My theory is that the crash happens when some pool is finally exhausted.

Attached a log file containing the first 1000 lines, the full thing is many gigabytes (but I can provide if interested, they're all different goroutines waiting at the same point in the code)

limited.txt

Build:

FROM caddy:2.8.4-builder AS builder

RUN xcaddy build \
    --with github.com/pberkel/[email protected] \
    --with github.com/caddyserver/[email protected] \
    --with github.com/darkweak/storages/go-redis/caddy \
    --with github.com/aksdb/[email protected]

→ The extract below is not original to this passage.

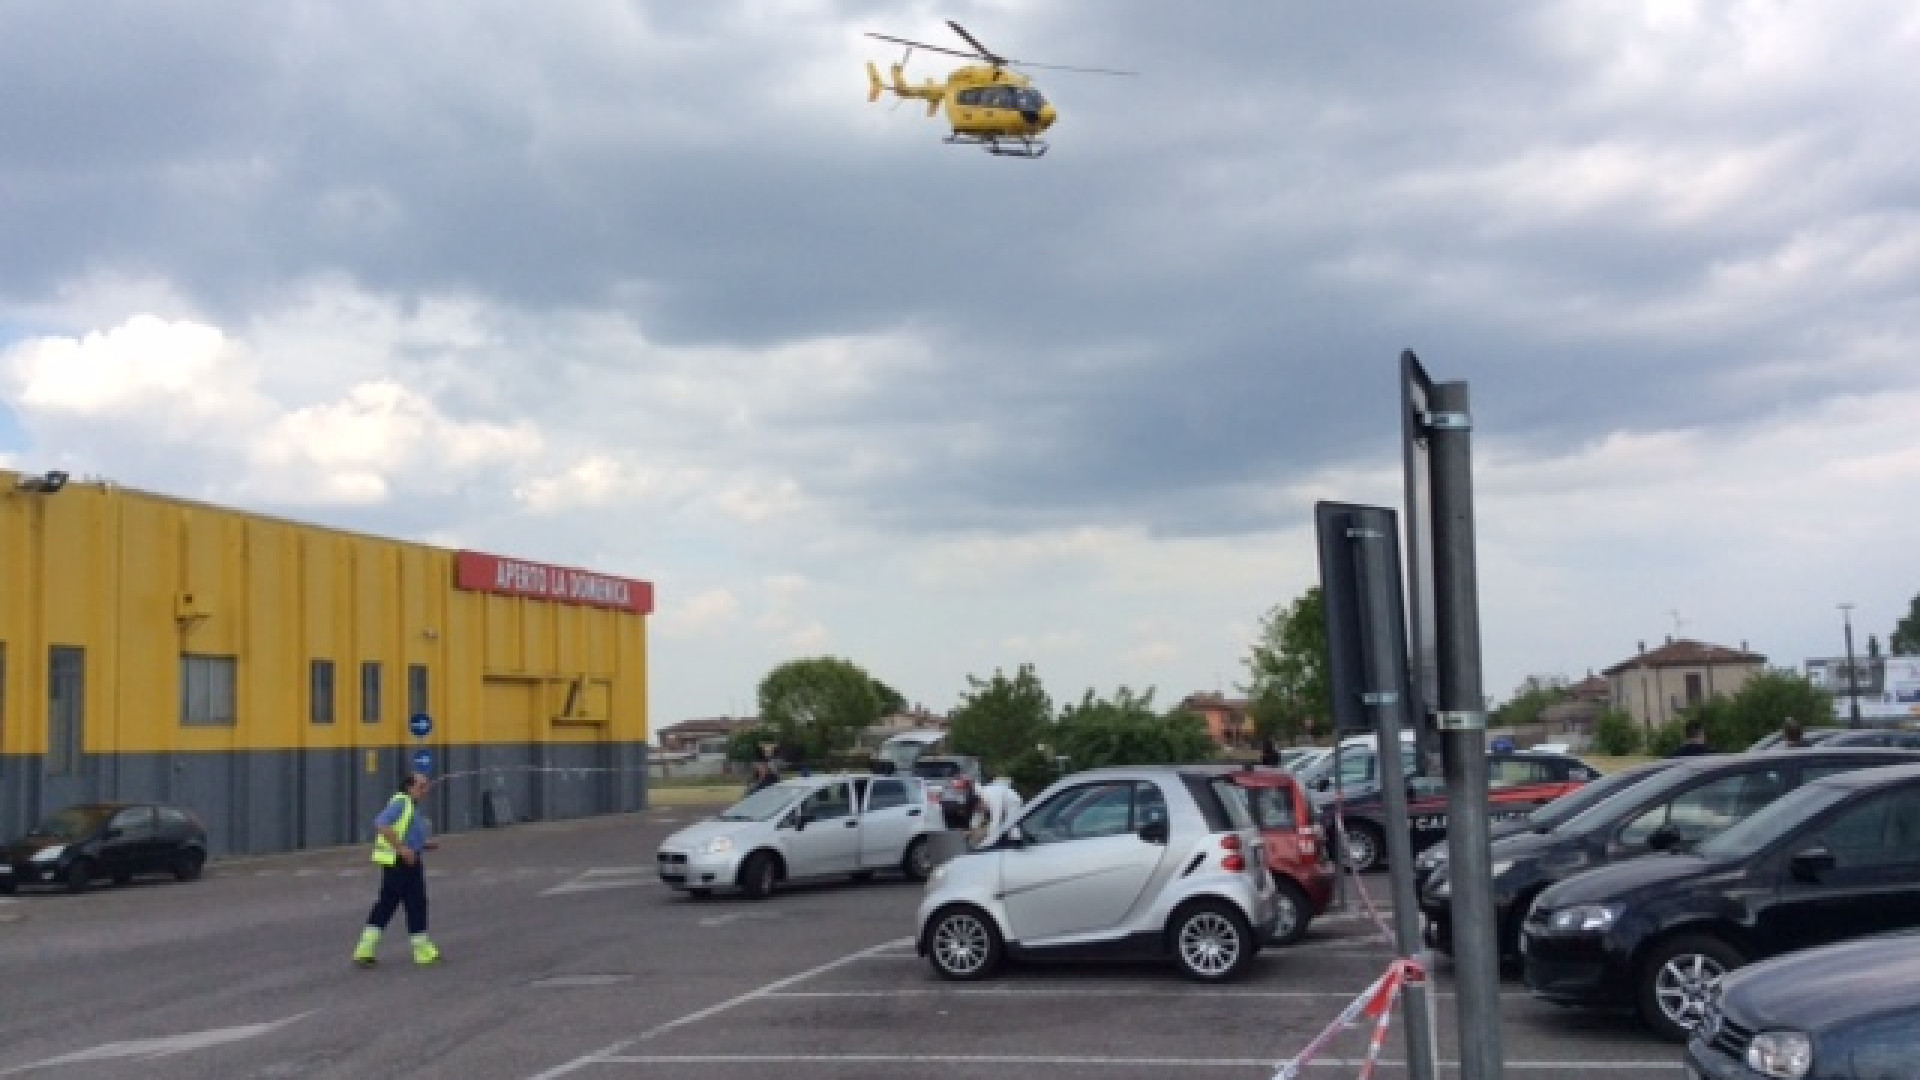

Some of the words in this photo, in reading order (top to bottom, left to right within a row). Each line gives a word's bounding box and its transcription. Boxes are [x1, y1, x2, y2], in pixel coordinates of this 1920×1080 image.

Caddyfile, some values redacted.

(ip_block) {
    @block {             
        remote_ip REDACTED 
    }
    respond @block "Access denied" 403
}

(host_block) {
    @host_block {
        host REDACTED
    }
    respond @host_block "Rate limited" 429
}

{
    on_demand_tls {
        ask https://REDACTED
    }

    storage redis {
        host           "{$REDIS_HOST}"
        username       "{$REDIS_USER}"
        password       "{$REDIS_PASSWORD}"
    }

    servers {
        metrics
    }

    cache {
        # how our cache shows in the response header; default is Souin.
        cache_name sc

        redis {
            configuration {
                Addrs "{$REDIS_CACHE_HOST}:6379"
                User "{$REDIS_CACHE_USER}"
                Password "{$REDIS_CACHE_PASSWORD}"
                DB 0
            }
        }
    }

    order cgi before respond
}

# Catch-all for any domain
:443 {
    log

    tls {
        # we do some funky certificate selection stuff with a local script, fallback to the default
        get_certificate http http://localhost:4434/cert
        on_demand
    }

    import ip_block
    import host_block

    cache {
        key {
            hide
            headers Accept-Language
        }
        # ignore any cache-control indicators from the client
        mode bypass_request
    }

    # Reverse proxy to server.betteruptime.com
    reverse_proxy https://REDACTED {
        header_up Host {upstream_hostport}
        header_up X-Real-IP {http.request.remote.host}
    }
}

http://:9190 {
    metrics /metrics
}

http://localhost:4434 {
    cache {
        stale 5m
        ttl 5m
    }
    cgi /cert /etc/caddy/get_fallback_cert.sh
}

[alistairjevans]

@darkweak, did you have any thoughts on this issue or more information you require? Cache-handler is entirely unusable in production because of this issue, and I don't think it's related to a specific provider.

[darkweak]

Hello, I have to write a patch that doesn't send the headers if that's an asynchronous revalidation (I think it tries to update the status code when the async revalidation is done)
You can try with the latest commit of this PR darkweak/souin#589 because it contains some patches related to the revalidation.